# [Supplied data]
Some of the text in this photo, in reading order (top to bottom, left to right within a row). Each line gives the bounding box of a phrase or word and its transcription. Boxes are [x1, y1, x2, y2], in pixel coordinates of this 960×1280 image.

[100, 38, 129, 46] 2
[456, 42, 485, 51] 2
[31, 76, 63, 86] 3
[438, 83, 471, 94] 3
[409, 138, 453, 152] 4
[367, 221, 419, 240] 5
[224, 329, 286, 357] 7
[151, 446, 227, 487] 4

# [What you are asked to do]
Copy every record exactly.

# [Answer box]
Some of the text in this photo, in reading order (top to bottom, left to right within a row). Each line gives the bounding box of a phrase or word and its transcription. Boxes are [x1, y1, x2, y2], in pixel coordinates of this 960×1280 image.

[100, 38, 129, 46] 2
[456, 42, 485, 51] 2
[31, 76, 63, 86] 3
[438, 83, 471, 94] 3
[409, 138, 453, 152] 4
[367, 221, 419, 240] 5
[224, 329, 286, 357] 7
[151, 446, 227, 487] 4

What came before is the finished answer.